Gothic architecture: Can the 12th-century style radically change how we build today? – CNN Style
Gothic architecture is tall, slender, sleek and elegant. New York-based architect Mark Foster Gage looks at the history of one of the world’s most recognizable architectural styles, and explains why gothic is not just a thing of the past.
Written by Mark Foster Gage, CNN
Little over a year ago the world nearly lost one of its most recognizable examples of Gothic architecture, as the spire and a sizeable part of the roof of the Cathedral of Notre Dame in Paris burned to ashes
. Now the debate carries on about what to do with the damaged building. Should the missing spire be restored to its original Gothic form, or updated with something more in line with the architecture of today? And what does it mean to be “Gothic” anyway? If something is Gothic can it also be contemporary? For such questions we need a little background.
Although construction began on the Cathedral of Notre Dame in 1160, it was not completed until nearly a century later, in 1260. And it wasn’t until 600 years after that, in 1860, that the aforementioned spire was added, as part of a larger building renovation campaign. Over its long life of construction, additions and subtractions, Notre Dame has witnessed a staggering amount of human history. It will survive the Covid-19 crisis, as it also survived World War II, World War I, the 1918 Spanish Flu, and the most devastating pandemic in human history — the Black Plague of the 14th century.
Such buildings, which are witness to our civilization over long timelines, are important in allowing us to understand our collective past, and therefore ourselves. Even more reason we should try to better understand them.

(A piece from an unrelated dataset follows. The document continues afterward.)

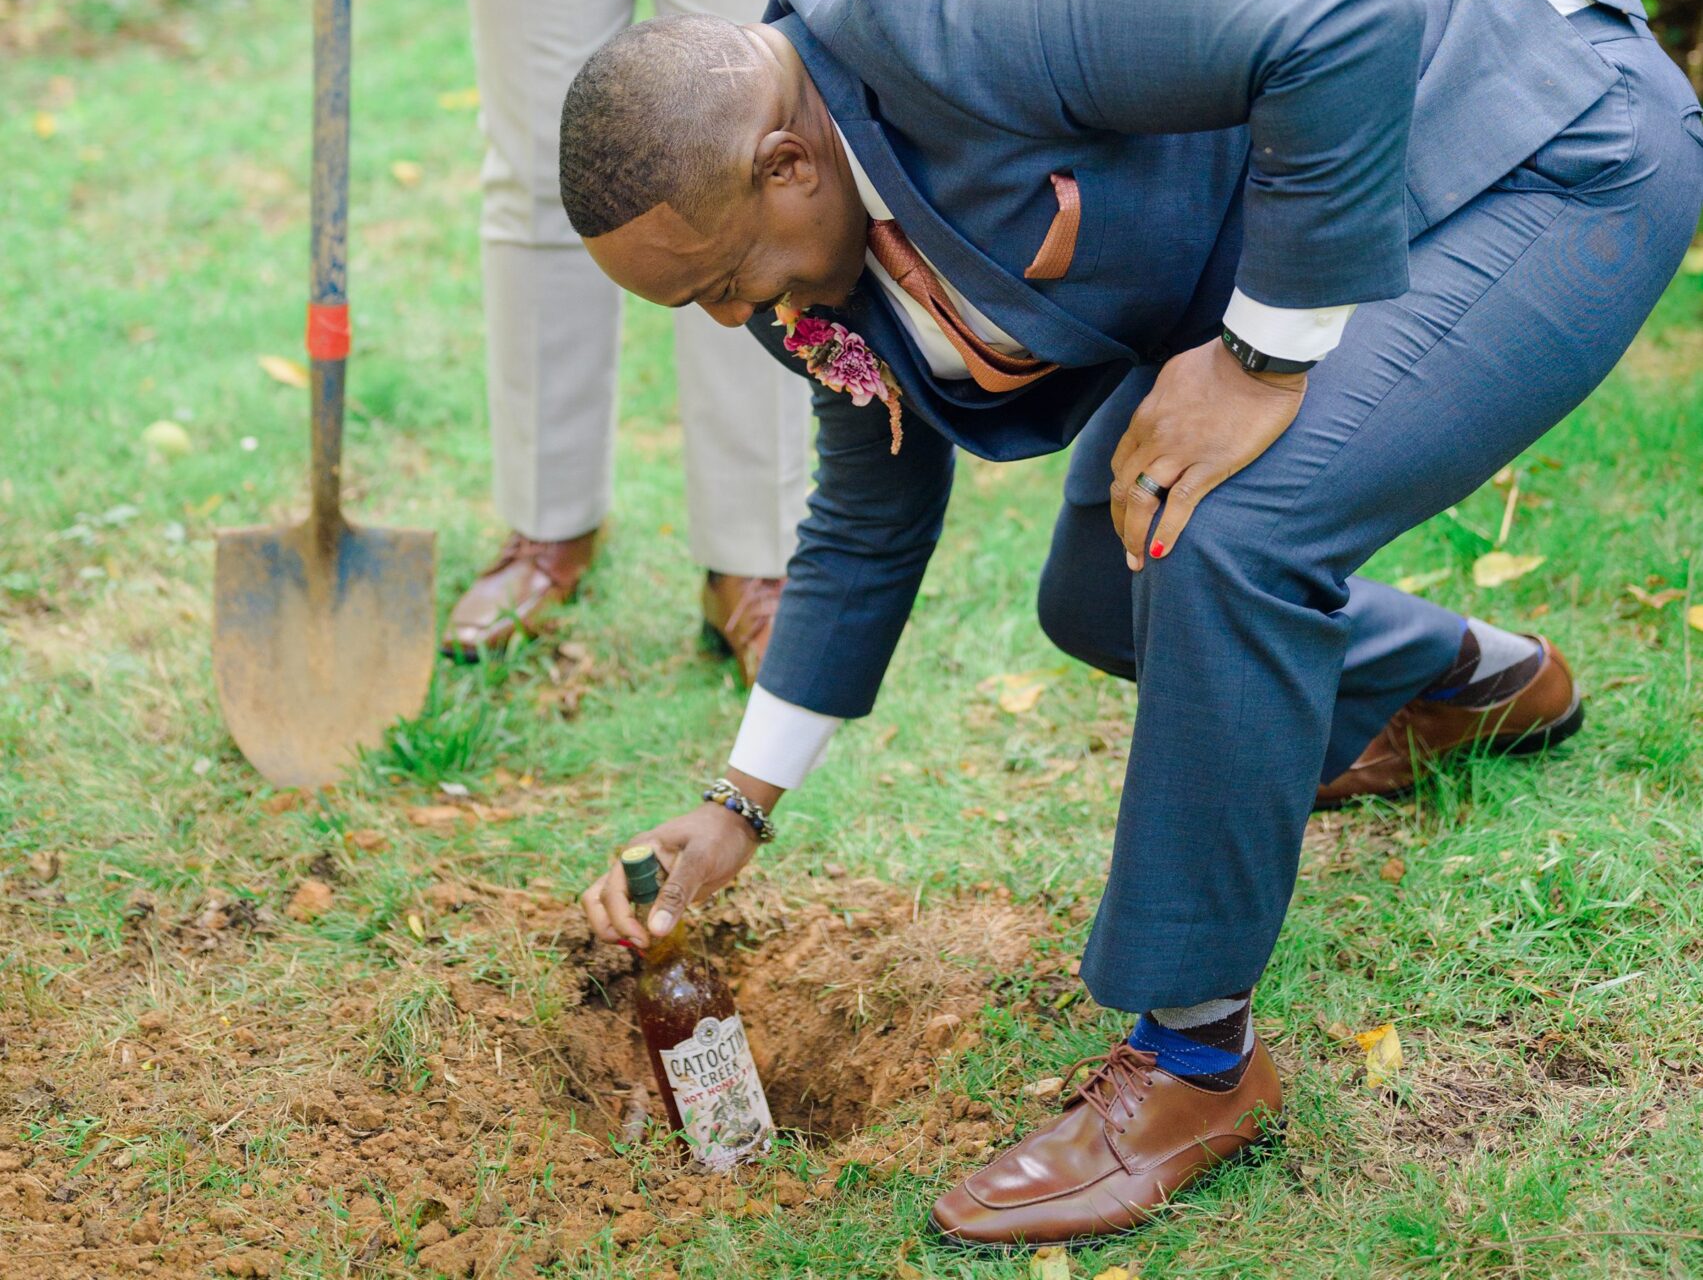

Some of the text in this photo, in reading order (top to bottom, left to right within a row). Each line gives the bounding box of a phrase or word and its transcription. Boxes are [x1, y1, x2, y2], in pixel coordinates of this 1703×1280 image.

[700, 1058, 740, 1088] CREEK
[682, 1075, 740, 1106] HOT HONEY

While originally religious in nature, Gothic architecture, as exemplified in the design of Notre Dame Cathedral, has had a much richer and fuller existence over the past millennia than only being used in our most famous cathedrals. Its origins stretch back as far as the 6th century, where some of its defining elements, such as the flying buttress, can be found in their earliest forms. However, it was in the 12th century that Gothic buildings truly began to emerge in full force in medieval cities and villages, as new ideas about engineering, stone carving and structure, and the desire for more height and interior light prompted the creation of the phenomenal buildings we recognize today.
It was during this period that the most important elements of the Gothic language were established, and the style began to be set, literally, in stone.